John is still for a moment after I ask my question. Then his chest begins to move quickly under my head, up and down and up and down; his breath shortens, becomes choppy; and then he's giggling, that wonderful, delicious gurgle with a faint wheeze thrown in.

I raise my self up slightly and look down at him. His eyes are squinted with mirth, his chin is tucked down into his chest as he meets my gaze. I begin to laugh too. He's compelling like that.

“I hope they left before we... oh Christ, imagine their faces when we—and I just pounced on you—“ John's words dissolve into helpless giggles. He's gasping a bit. “Christ. We gave them one hell of a show, Sherlock, if they did stay.”

“Good,” I say. I'm smiling. Positively beaming. I bet I look like an idiot but I don't care. “Molly will be proud. She was rooting for us, you know.”

John raises his eyebrows and begins massaging my scalp with his fingers. “Was she?”

I nod. “She helped me set all of these up. The dates, I mean.”

John's giggled fade, but his smile stays in place. He's looking at me with wonder in his face, and I almost expect him to say amazing! Brilliant! “You... those were... holy shit, Sherlock. I thought you were just clueless. I thought you were just having a bit of fun, doing an experiment—“

“I told you they were dates,” I say a bit sullenly. Or at least I try to say it sullenly. However it's very hard to be sullen when the person you love most in the world is laying beneath you and smiling his face off and giving you the massage of a lifetime.

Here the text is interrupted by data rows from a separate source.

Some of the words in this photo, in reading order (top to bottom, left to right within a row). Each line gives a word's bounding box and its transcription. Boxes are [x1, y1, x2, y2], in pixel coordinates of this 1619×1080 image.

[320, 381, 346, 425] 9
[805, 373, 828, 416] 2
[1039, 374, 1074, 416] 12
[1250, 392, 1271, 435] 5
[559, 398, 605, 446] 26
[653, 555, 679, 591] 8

“I know, love,” he whispers. Pulls me down, kisses me. “I just didn't want to get my hopes up.” A brief silence. Then, amused: “Does that mean you made that ridiculous CD?”

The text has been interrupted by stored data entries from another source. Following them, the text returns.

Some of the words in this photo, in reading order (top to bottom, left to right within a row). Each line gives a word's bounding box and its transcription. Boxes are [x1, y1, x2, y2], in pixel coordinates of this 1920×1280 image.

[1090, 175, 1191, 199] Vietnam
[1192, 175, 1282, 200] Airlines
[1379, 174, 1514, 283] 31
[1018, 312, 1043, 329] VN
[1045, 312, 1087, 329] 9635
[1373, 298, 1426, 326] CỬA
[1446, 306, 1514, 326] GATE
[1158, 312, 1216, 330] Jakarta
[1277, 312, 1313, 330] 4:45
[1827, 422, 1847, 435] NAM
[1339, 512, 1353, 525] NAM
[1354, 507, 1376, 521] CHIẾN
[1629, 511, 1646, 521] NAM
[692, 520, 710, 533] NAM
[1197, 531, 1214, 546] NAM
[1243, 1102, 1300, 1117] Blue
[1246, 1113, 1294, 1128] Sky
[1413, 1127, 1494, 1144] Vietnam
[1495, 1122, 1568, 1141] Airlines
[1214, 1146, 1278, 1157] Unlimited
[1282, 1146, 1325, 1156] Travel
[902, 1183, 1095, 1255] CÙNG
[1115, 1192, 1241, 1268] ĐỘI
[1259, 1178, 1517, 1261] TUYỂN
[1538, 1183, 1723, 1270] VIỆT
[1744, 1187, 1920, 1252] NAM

“Molly helped me,” I say. Kiss the tip of his nose.

“We must remember to thank her, then.”


He kisses me again. I think he likes to do that. I certainly like when he does it.

I whisper against his lips, “I love you, John Watson, even if you are more polite than nice and a slutty, slutty whore for danger.”

I feel him smile as his lips graze my throat. “Happy Valentine's Day, love.”